Task objective
Output each entry exactly; skip nothing.

Entries taken from a collection:
════════════════
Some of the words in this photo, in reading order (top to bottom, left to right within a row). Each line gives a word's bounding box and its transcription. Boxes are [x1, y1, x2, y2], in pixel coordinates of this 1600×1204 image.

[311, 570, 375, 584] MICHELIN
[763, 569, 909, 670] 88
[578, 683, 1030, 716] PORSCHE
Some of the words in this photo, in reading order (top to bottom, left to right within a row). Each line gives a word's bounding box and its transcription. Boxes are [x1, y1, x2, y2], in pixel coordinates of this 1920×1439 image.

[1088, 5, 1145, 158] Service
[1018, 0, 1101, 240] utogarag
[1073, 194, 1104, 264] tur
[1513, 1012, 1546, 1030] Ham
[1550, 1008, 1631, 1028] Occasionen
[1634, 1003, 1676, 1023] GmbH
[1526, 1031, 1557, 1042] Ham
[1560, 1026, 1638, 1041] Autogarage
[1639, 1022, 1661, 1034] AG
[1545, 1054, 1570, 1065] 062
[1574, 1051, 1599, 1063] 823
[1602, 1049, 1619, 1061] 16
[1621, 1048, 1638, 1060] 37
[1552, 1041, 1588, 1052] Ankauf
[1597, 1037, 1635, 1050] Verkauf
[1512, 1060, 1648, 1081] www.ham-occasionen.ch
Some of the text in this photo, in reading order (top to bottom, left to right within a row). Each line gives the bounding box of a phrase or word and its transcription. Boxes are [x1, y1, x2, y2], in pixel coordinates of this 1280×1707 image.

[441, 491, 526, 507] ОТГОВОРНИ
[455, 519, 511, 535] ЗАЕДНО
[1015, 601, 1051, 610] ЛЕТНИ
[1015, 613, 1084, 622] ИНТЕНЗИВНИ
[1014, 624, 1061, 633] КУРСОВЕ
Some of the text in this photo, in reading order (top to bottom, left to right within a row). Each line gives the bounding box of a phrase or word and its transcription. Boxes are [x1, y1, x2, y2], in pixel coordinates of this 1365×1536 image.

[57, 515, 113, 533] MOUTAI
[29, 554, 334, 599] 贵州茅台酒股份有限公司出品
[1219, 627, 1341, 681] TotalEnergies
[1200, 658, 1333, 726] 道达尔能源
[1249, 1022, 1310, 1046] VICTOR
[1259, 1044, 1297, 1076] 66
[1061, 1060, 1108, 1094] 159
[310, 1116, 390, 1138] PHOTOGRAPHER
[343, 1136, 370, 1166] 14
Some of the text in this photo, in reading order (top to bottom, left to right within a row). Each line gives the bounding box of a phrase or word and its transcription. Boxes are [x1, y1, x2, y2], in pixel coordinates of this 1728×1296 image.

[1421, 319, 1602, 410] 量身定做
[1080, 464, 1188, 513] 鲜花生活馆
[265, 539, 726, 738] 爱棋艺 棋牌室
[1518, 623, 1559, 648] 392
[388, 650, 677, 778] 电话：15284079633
════════════════
Written solution
Some of the words in this photo, in reading order (top to bottom, left to right within a row). Each line gives a word's bounding box and its transcription. Boxes are [x1, y1, x2, y2], in pixel coordinates of this 1600×1204 image.

[311, 570, 375, 584] MICHELIN
[763, 569, 909, 670] 88
[578, 683, 1030, 716] PORSCHE
Some of the words in this photo, in reading order (top to bottom, left to right within a row). Each line gives a word's bounding box and its transcription. Boxes are [x1, y1, x2, y2], in pixel coordinates of this 1920×1439 image.

[1088, 5, 1145, 158] Service
[1018, 0, 1101, 240] utogarag
[1073, 194, 1104, 264] tur
[1513, 1012, 1546, 1030] Ham
[1550, 1008, 1631, 1028] Occasionen
[1634, 1003, 1676, 1023] GmbH
[1526, 1031, 1557, 1042] Ham
[1560, 1026, 1638, 1041] Autogarage
[1639, 1022, 1661, 1034] AG
[1545, 1054, 1570, 1065] 062
[1574, 1051, 1599, 1063] 823
[1602, 1049, 1619, 1061] 16
[1621, 1048, 1638, 1060] 37
[1552, 1041, 1588, 1052] Ankauf
[1597, 1037, 1635, 1050] Verkauf
[1512, 1060, 1648, 1081] www.ham-occasionen.ch
Some of the text in this photo, in reading order (top to bottom, left to right within a row). Each line gives the bounding box of a phrase or word and its transcription. Boxes are [x1, y1, x2, y2], in pixel coordinates of this 1280×1707 image.

[441, 491, 526, 507] ОТГОВОРНИ
[455, 519, 511, 535] ЗАЕДНО
[1015, 601, 1051, 610] ЛЕТНИ
[1015, 613, 1084, 622] ИНТЕНЗИВНИ
[1014, 624, 1061, 633] КУРСОВЕ
Some of the text in this photo, in reading order (top to bottom, left to right within a row). Each line gives the bounding box of a phrase or word and its transcription. Boxes are [x1, y1, x2, y2], in pixel coordinates of this 1365×1536 image.

[57, 515, 113, 533] MOUTAI
[29, 554, 334, 599] 贵州茅台酒股份有限公司出品
[1219, 627, 1341, 681] TotalEnergies
[1200, 658, 1333, 726] 道达尔能源
[1249, 1022, 1310, 1046] VICTOR
[1259, 1044, 1297, 1076] 66
[1061, 1060, 1108, 1094] 159
[310, 1116, 390, 1138] PHOTOGRAPHER
[343, 1136, 370, 1166] 14
Some of the text in this photo, in reading order (top to bottom, left to right within a row). Each line gives the bounding box of a phrase or word and its transcription. Boxes are [x1, y1, x2, y2], in pixel coordinates of this 1728×1296 image.

[1421, 319, 1602, 410] 量身定做
[1080, 464, 1188, 513] 鲜花生活馆
[265, 539, 726, 738] 爱棋艺 棋牌室
[1518, 623, 1559, 648] 392
[388, 650, 677, 778] 电话：15284079633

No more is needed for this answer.